(RECORDS SHOWN begins)

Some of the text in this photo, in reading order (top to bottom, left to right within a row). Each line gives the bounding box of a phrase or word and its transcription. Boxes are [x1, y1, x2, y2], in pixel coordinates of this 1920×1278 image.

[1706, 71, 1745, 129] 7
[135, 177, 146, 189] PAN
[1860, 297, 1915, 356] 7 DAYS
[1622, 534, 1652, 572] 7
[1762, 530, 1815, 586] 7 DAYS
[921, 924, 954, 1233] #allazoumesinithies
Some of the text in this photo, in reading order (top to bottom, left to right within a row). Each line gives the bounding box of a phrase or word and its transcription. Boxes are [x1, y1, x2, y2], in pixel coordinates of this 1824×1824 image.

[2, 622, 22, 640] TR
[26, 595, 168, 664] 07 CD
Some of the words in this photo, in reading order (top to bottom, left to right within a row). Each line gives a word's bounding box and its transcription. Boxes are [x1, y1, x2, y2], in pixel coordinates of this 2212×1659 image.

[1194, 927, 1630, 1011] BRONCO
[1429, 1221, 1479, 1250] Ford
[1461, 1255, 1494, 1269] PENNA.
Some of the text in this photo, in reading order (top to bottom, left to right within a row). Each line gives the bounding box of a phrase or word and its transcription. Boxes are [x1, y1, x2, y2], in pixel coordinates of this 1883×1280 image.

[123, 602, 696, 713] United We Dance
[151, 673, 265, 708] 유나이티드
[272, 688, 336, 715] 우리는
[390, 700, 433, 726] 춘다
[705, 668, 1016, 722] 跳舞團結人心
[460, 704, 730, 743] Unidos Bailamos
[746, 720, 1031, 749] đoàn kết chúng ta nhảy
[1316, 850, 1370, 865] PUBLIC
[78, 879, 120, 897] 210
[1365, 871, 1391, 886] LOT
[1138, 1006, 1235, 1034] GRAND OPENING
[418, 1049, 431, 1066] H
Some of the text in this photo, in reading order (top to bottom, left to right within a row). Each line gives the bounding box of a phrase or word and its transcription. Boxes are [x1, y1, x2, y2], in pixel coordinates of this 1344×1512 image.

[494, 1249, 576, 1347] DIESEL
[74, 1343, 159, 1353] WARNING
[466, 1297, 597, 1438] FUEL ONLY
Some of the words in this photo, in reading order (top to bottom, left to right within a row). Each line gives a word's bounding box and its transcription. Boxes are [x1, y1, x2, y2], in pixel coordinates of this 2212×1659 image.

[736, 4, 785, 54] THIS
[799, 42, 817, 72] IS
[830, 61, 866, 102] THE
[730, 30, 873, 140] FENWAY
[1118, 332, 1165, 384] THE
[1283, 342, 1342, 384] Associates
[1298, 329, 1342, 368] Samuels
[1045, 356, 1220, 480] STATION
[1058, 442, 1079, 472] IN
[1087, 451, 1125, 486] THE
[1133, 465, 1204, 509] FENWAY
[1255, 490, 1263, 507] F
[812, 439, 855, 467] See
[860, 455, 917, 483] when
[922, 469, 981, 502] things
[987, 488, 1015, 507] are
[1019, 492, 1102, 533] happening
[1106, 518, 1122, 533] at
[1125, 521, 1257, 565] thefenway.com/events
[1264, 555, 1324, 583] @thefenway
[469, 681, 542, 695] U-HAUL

(RECORDS SHOWN ends)

The answer should contain every line of the data, unchanged.

Some of the text in this photo, in reading order (top to bottom, left to right within a row). Each line gives the bounding box of a phrase or word and its transcription. Boxes are [x1, y1, x2, y2], in pixel coordinates of this 1920×1278 image.

[1706, 71, 1745, 129] 7
[135, 177, 146, 189] PAN
[1860, 297, 1915, 356] 7 DAYS
[1622, 534, 1652, 572] 7
[1762, 530, 1815, 586] 7 DAYS
[921, 924, 954, 1233] #allazoumesinithies
Some of the text in this photo, in reading order (top to bottom, left to right within a row). Each line gives the bounding box of a phrase or word and its transcription. Boxes are [x1, y1, x2, y2], in pixel coordinates of this 1824×1824 image.

[2, 622, 22, 640] TR
[26, 595, 168, 664] 07 CD
Some of the words in this photo, in reading order (top to bottom, left to right within a row). Each line gives a word's bounding box and its transcription. Boxes are [x1, y1, x2, y2], in pixel coordinates of this 2212×1659 image.

[1194, 927, 1630, 1011] BRONCO
[1429, 1221, 1479, 1250] Ford
[1461, 1255, 1494, 1269] PENNA.
Some of the text in this photo, in reading order (top to bottom, left to right within a row). Each line gives the bounding box of a phrase or word and its transcription. Boxes are [x1, y1, x2, y2], in pixel coordinates of this 1883×1280 image.

[123, 602, 696, 713] United We Dance
[151, 673, 265, 708] 유나이티드
[272, 688, 336, 715] 우리는
[390, 700, 433, 726] 춘다
[705, 668, 1016, 722] 跳舞團結人心
[460, 704, 730, 743] Unidos Bailamos
[746, 720, 1031, 749] đoàn kết chúng ta nhảy
[1316, 850, 1370, 865] PUBLIC
[78, 879, 120, 897] 210
[1365, 871, 1391, 886] LOT
[1138, 1006, 1235, 1034] GRAND OPENING
[418, 1049, 431, 1066] H
Some of the text in this photo, in reading order (top to bottom, left to right within a row). Each line gives the bounding box of a phrase or word and its transcription. Boxes are [x1, y1, x2, y2], in pixel coordinates of this 1344×1512 image.

[494, 1249, 576, 1347] DIESEL
[74, 1343, 159, 1353] WARNING
[466, 1297, 597, 1438] FUEL ONLY
Some of the words in this photo, in reading order (top to bottom, left to right within a row). Each line gives a word's bounding box and its transcription. Boxes are [x1, y1, x2, y2], in pixel coordinates of this 2212×1659 image.

[736, 4, 785, 54] THIS
[799, 42, 817, 72] IS
[830, 61, 866, 102] THE
[730, 30, 873, 140] FENWAY
[1118, 332, 1165, 384] THE
[1283, 342, 1342, 384] Associates
[1298, 329, 1342, 368] Samuels
[1045, 356, 1220, 480] STATION
[1058, 442, 1079, 472] IN
[1087, 451, 1125, 486] THE
[1133, 465, 1204, 509] FENWAY
[1255, 490, 1263, 507] F
[812, 439, 855, 467] See
[860, 455, 917, 483] when
[922, 469, 981, 502] things
[987, 488, 1015, 507] are
[1019, 492, 1102, 533] happening
[1106, 518, 1122, 533] at
[1125, 521, 1257, 565] thefenway.com/events
[1264, 555, 1324, 583] @thefenway
[469, 681, 542, 695] U-HAUL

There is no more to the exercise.